Mainstream AI tools offer convenience and ease of use, but they also obscure the ethical and environmental costs of LLMs and perpetuate biases. Running LLMs locally on personal computers offers significant benefits for researchers, including privacy, reduced ecological footprint, cost savings, and, foremost, greater control over research tools.
This workshop explores the use of locally run large language models (LLMs) for PhD and early-career researchers in design research. Participants will learn how to install lightweight LLMs on their own computers for literature and data analysis and integrate them into their research and writing process, while gaining an understanding of the technical, ethical, and ecological dimensions of AI use in general and in academic contexts.
About
Ben Drusinsky is an architect, computational designer and creative technologist based in the Netherlands. Currently a PhD candidate and adjunct lecturer at the Köln International School of Design, exploring ecological, critical, and creative computing in the built environment. With a master’s in architecture and industrial design, Ben works in the intersection of architecture, critical making, and speculative design.

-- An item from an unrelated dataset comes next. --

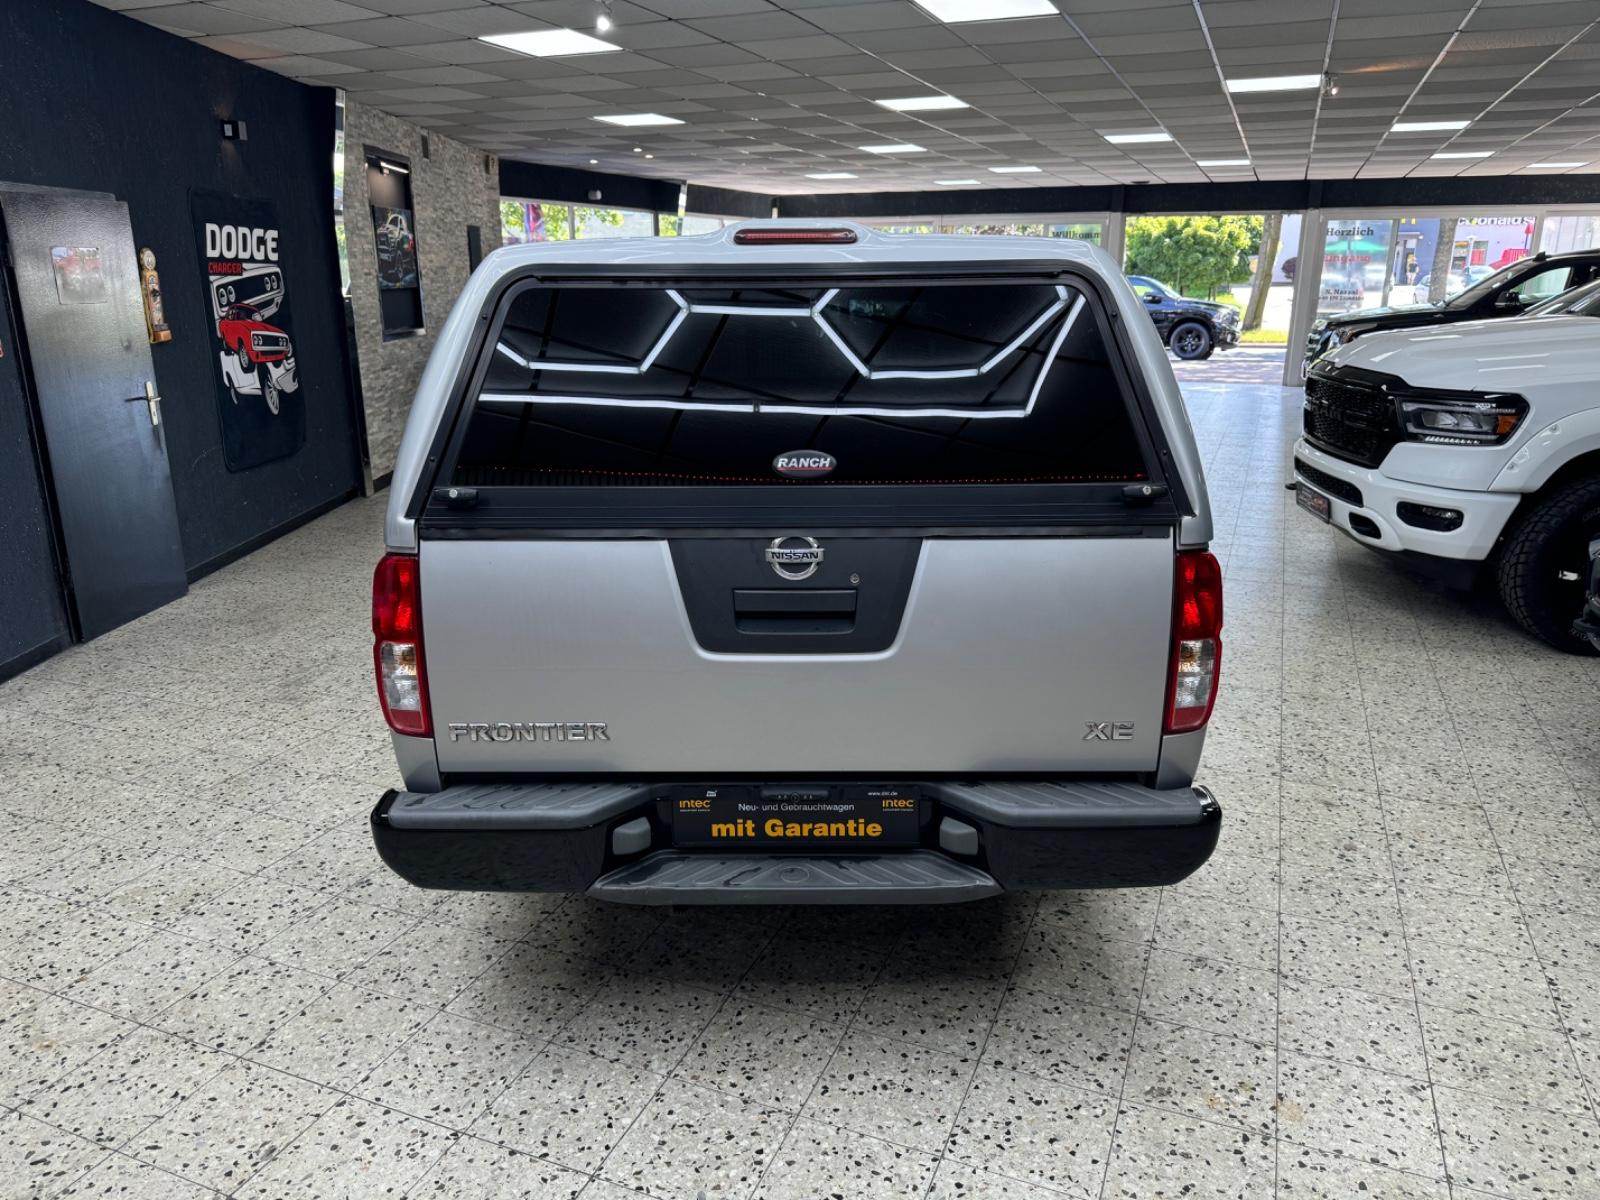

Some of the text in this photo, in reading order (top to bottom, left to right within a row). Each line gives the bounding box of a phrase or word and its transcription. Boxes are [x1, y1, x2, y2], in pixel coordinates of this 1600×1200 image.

Simon Meienberg is a PhD design ethnographer focusing on postcolonial urban development and social participation processes. In his dissertation Dakar Mobilities, he investigated urban practices of exclusion and participation at the example of the Train Express Régional in the Senegalese capital Dakar. Combining creative and ethnographic methods, Simon worked with the theatre forum group Kaddu Yaraax and the collective les impactés du TER to explore the selective connection logics of neocolonial mobility infrastructures and their displacement of local forms and functions of mobility. Therefore, he developed participation-oriented formats for visualising implicit and embodied knowledge.